# Task directions
The answer must repeat every record exactly, with no pictures in it.

Dataset content below:

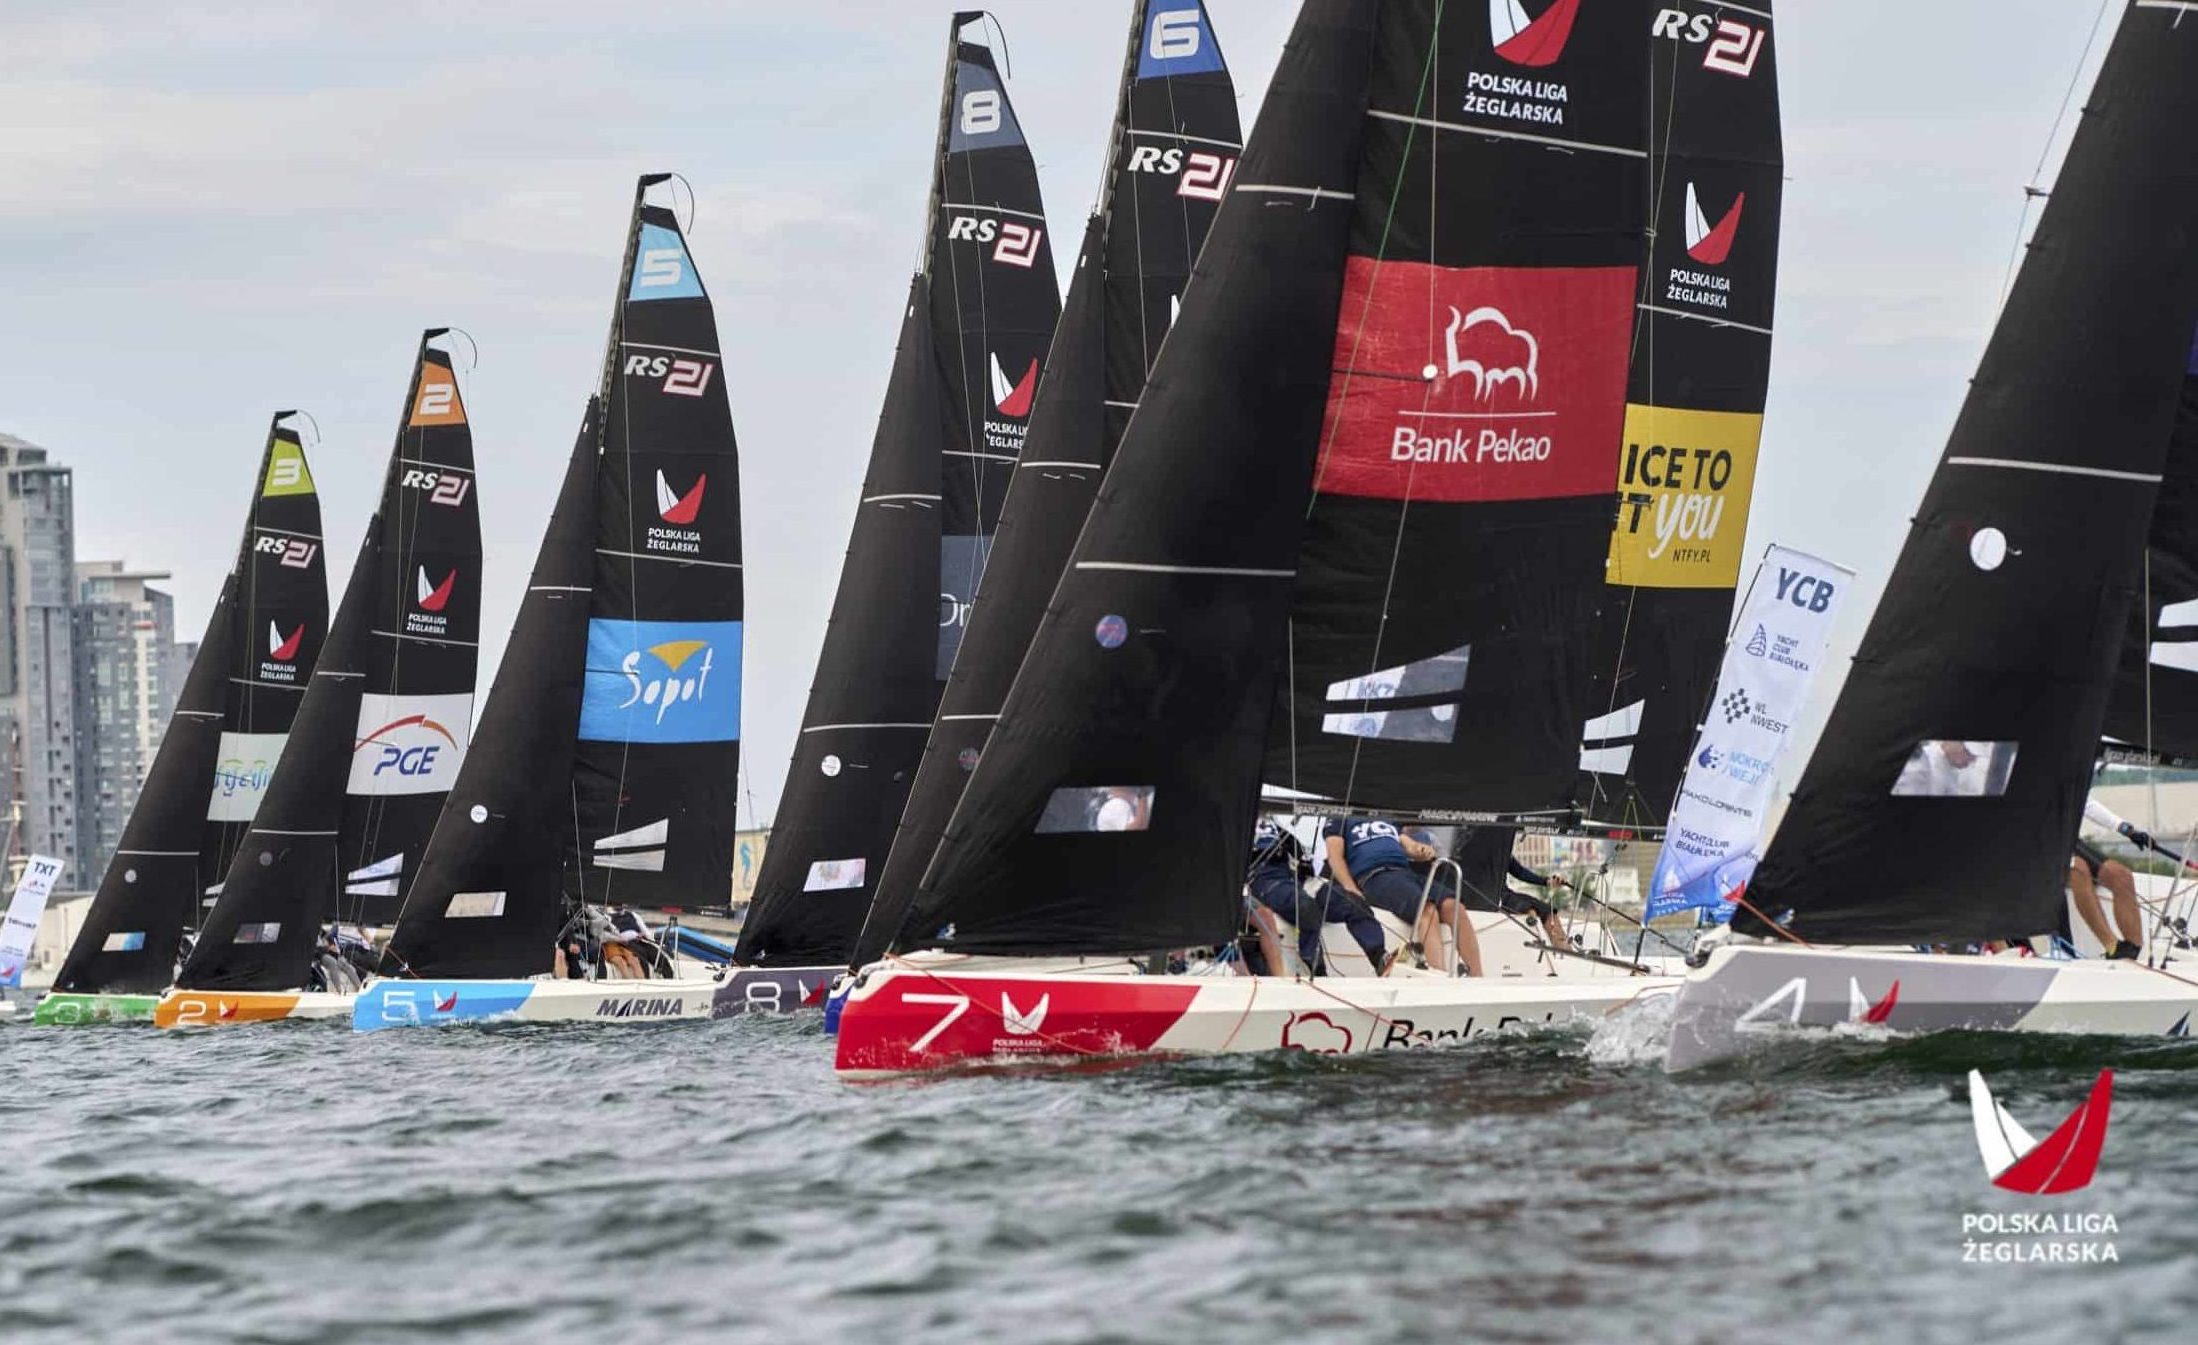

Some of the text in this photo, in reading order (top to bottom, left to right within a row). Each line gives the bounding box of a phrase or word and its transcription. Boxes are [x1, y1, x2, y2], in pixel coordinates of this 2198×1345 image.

[1149, 9, 1200, 59] 6
[1652, 8, 1764, 77] RS21
[1467, 72, 1568, 102] POLSKA LIGA
[961, 90, 1000, 134] 8
[1463, 91, 1563, 125] ŻEGLARSKA
[1128, 146, 1235, 202] RS21
[948, 216, 1042, 268] RS21
[640, 249, 682, 287] 5
[1670, 268, 1730, 291] POLSKA LIGA
[1666, 283, 1727, 309] ŻEGLARSKA
[624, 355, 715, 397] RS21
[420, 383, 453, 415] 2
[984, 421, 1017, 435] POLSKA
[1391, 426, 1551, 463] Bank Pekao
[272, 458, 301, 486] 3
[1624, 443, 1733, 491] ICE TO
[402, 469, 470, 506] RS21
[648, 527, 700, 542] POLSKA LIGA
[255, 536, 317, 568] RS21
[1672, 548, 1712, 563] NTFY.PL
[1776, 567, 1834, 613] YCB
[620, 647, 713, 725] Sopot
[374, 746, 440, 776] PGE
[34, 861, 56, 877] TXT
[177, 1000, 207, 1025] 2
[381, 990, 419, 1022] 5
[596, 998, 683, 1017] MARINA
[901, 992, 971, 1052] 7
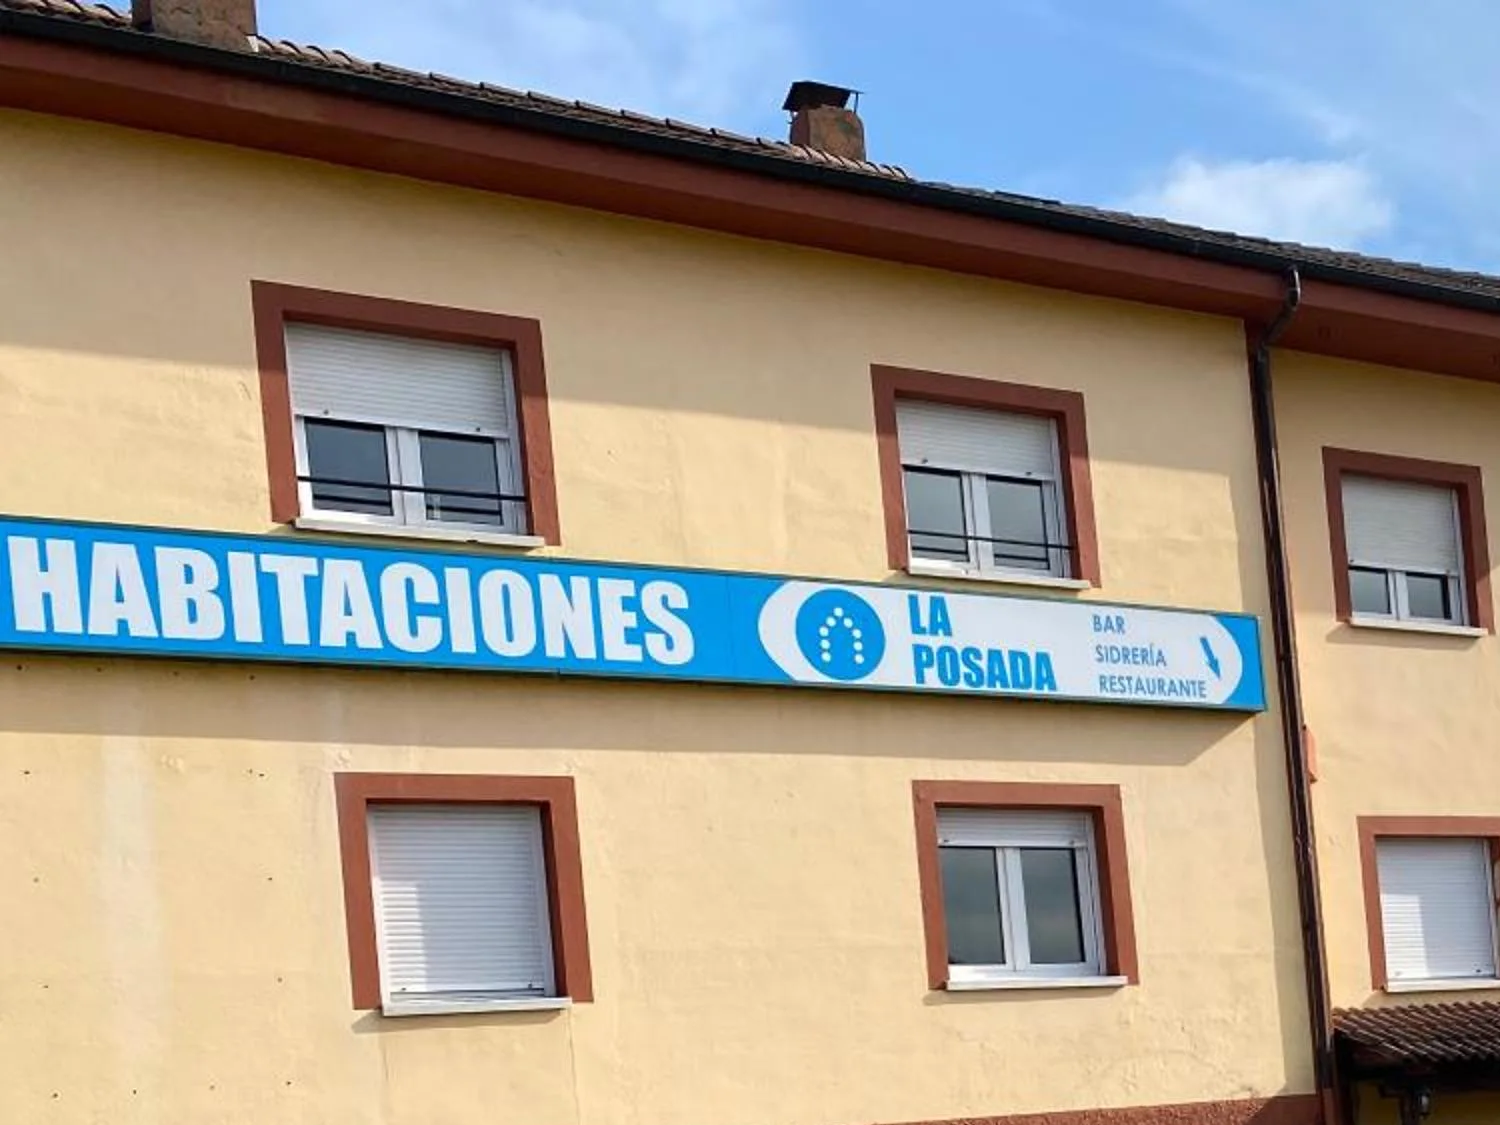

End of Dataset content.

# Solution for this problem
Some of the text in this photo, in reading order (top to bottom, left to right within a row). Each line gives the bounding box of a phrase or word and its transcription. Boxes are [x1, y1, x2, y2], in pixel coordinates of this 2198×1345 image.

[1149, 9, 1200, 59] 6
[1652, 8, 1764, 77] RS21
[1467, 72, 1568, 102] POLSKA LIGA
[961, 90, 1000, 134] 8
[1463, 91, 1563, 125] ŻEGLARSKA
[1128, 146, 1235, 202] RS21
[948, 216, 1042, 268] RS21
[640, 249, 682, 287] 5
[1670, 268, 1730, 291] POLSKA LIGA
[1666, 283, 1727, 309] ŻEGLARSKA
[624, 355, 715, 397] RS21
[420, 383, 453, 415] 2
[984, 421, 1017, 435] POLSKA
[1391, 426, 1551, 463] Bank Pekao
[272, 458, 301, 486] 3
[1624, 443, 1733, 491] ICE TO
[402, 469, 470, 506] RS21
[648, 527, 700, 542] POLSKA LIGA
[255, 536, 317, 568] RS21
[1672, 548, 1712, 563] NTFY.PL
[1776, 567, 1834, 613] YCB
[620, 647, 713, 725] Sopot
[374, 746, 440, 776] PGE
[34, 861, 56, 877] TXT
[177, 1000, 207, 1025] 2
[381, 990, 419, 1022] 5
[596, 998, 683, 1017] MARINA
[901, 992, 971, 1052] 7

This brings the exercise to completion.